Nor was the skill of technical work neglected. The abundance of vases and bowls, cut from the hardest and most refractory materials, granite, syenite, porphyry, rock crystal, and obsidian, which we found in the Royal Tombs of this age, show a taste and ability for fine material and work which was never equalled in later times. And the mastery of glazing provided large vases with the royal name inlaid, as we see by the piece pictured on the preceding page (Fig. 1). This was part of a globular vase, eight inches wide, of green glaze, with the royal hawk-name inlaid with purple glaze.
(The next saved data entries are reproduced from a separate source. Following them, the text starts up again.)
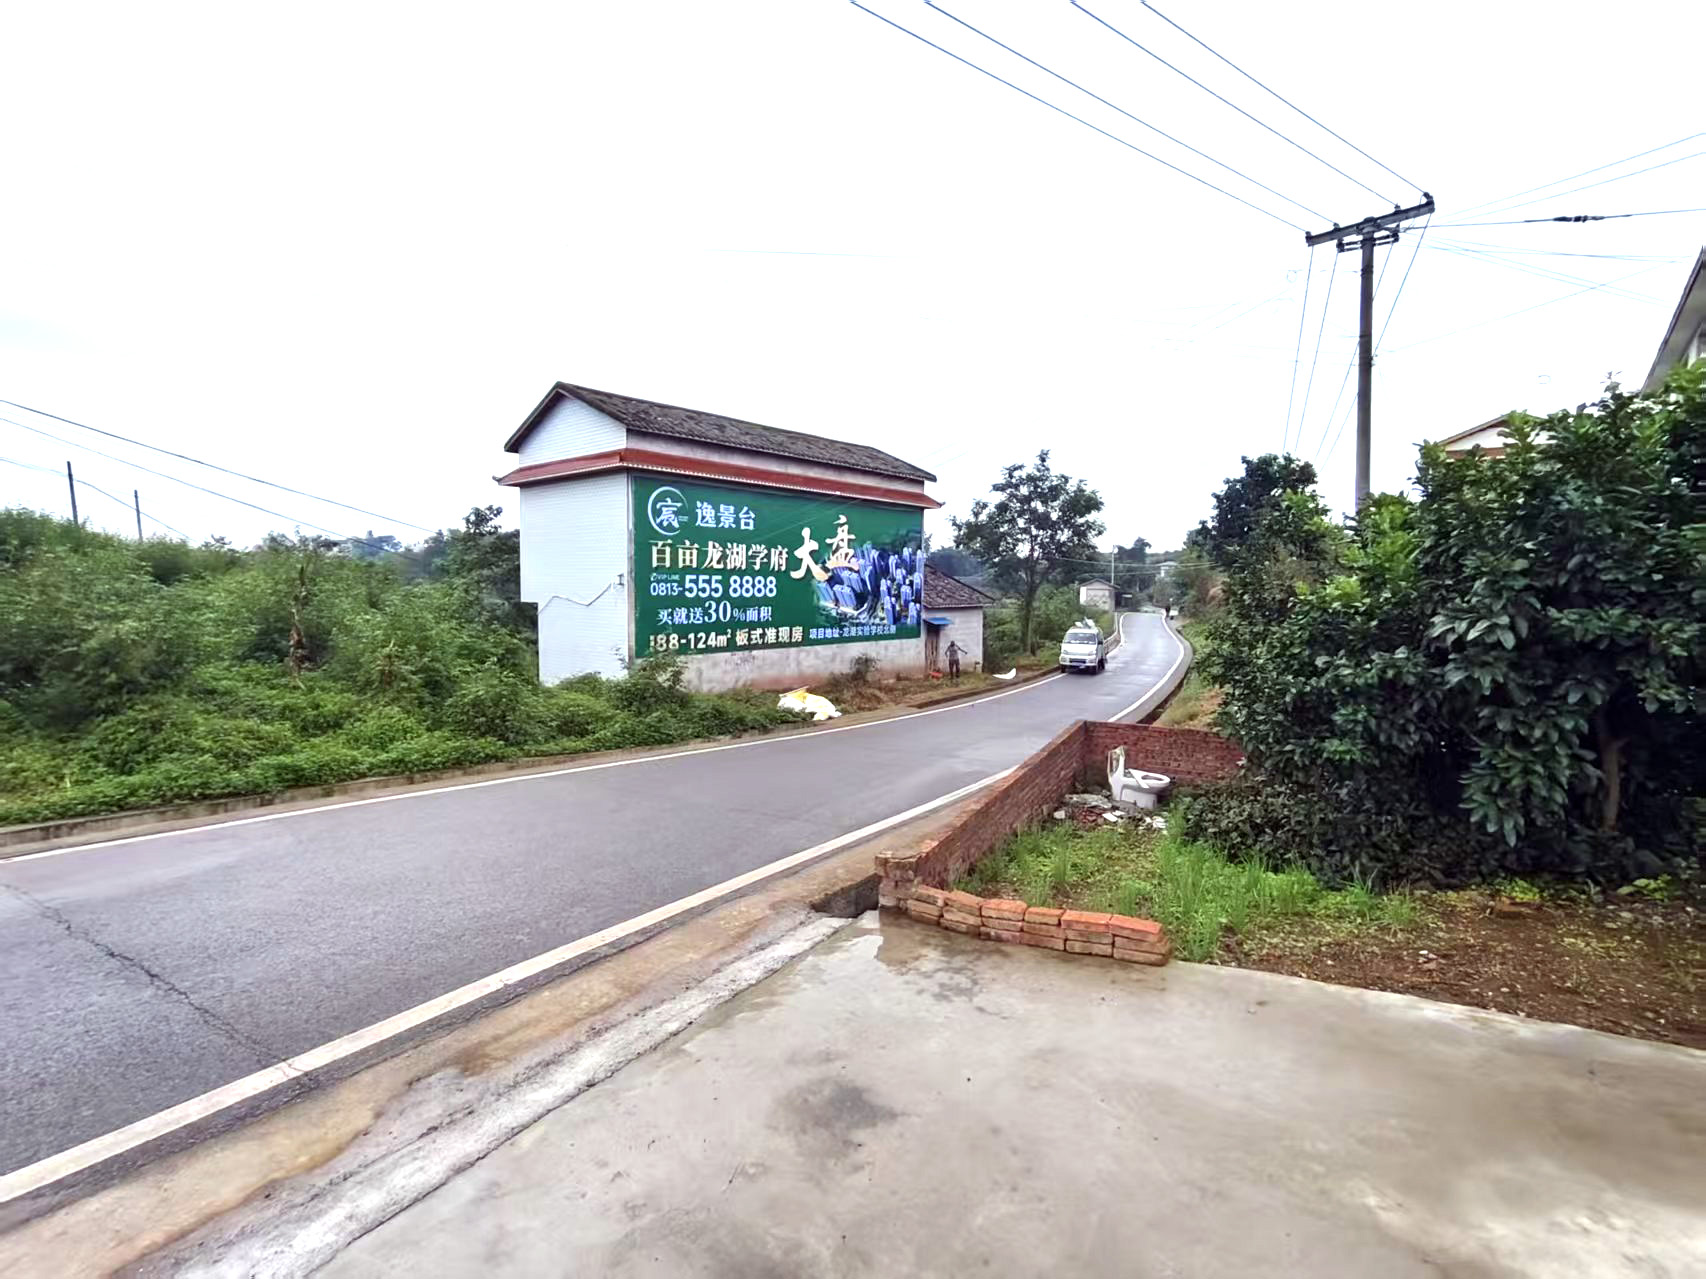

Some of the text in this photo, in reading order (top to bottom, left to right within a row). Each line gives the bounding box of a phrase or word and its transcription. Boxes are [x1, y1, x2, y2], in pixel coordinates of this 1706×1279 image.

[695, 500, 756, 530] 逸景台
[649, 515, 859, 582] 百亩龙湖学府 大盘
[729, 575, 777, 597] 8888
[735, 626, 804, 646] 板式准现房
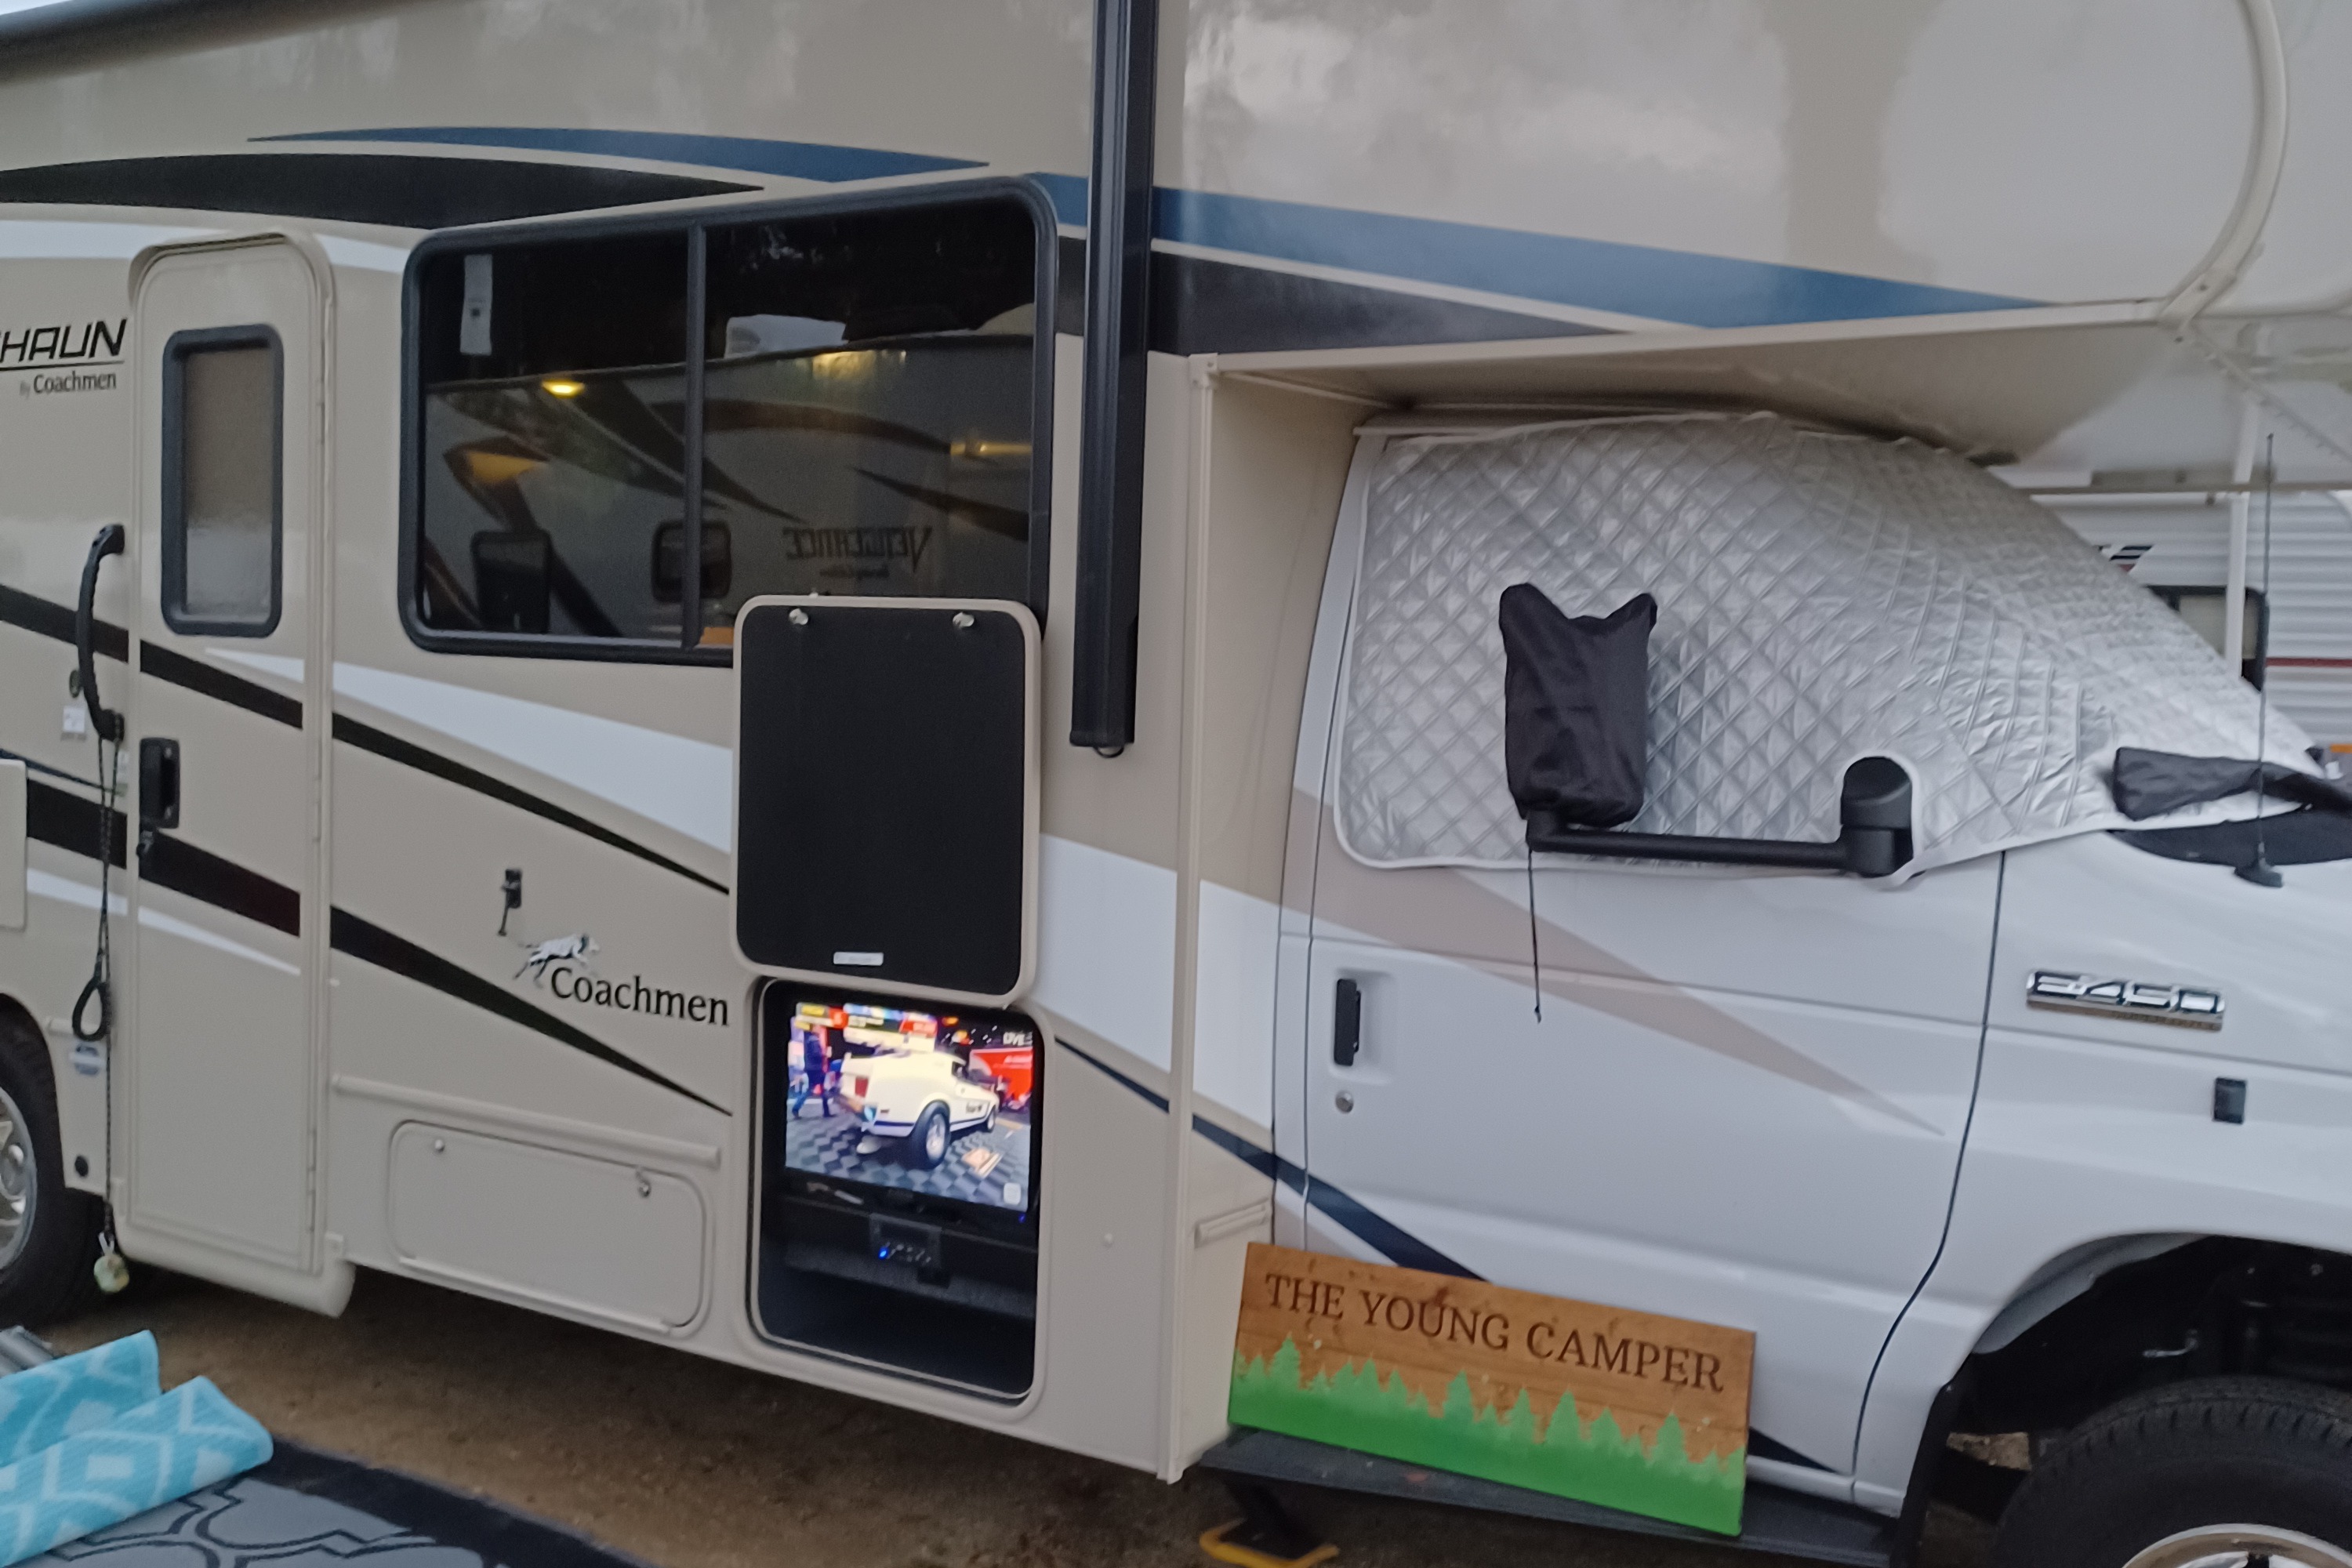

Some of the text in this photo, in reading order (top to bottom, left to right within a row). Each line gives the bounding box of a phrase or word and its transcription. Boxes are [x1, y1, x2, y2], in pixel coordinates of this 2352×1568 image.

Here we have the property of the oldest king in the world whose name is preserved by history-Mena, the first king of the first dynasty of Egypt. This vase must have been handled by this figurehead of all monarchy, and almost certainly was dedicated by him in the primitive temple of the capital.

Strange indeed it is to look on so personal a link, and to think that the whole sum of what we know as human experience has come and gone since this was last worthily handled; the pyramids, Thothmes, Rameses, the Greek, the Roman, the Northman, all were unthought of when this last saw the light.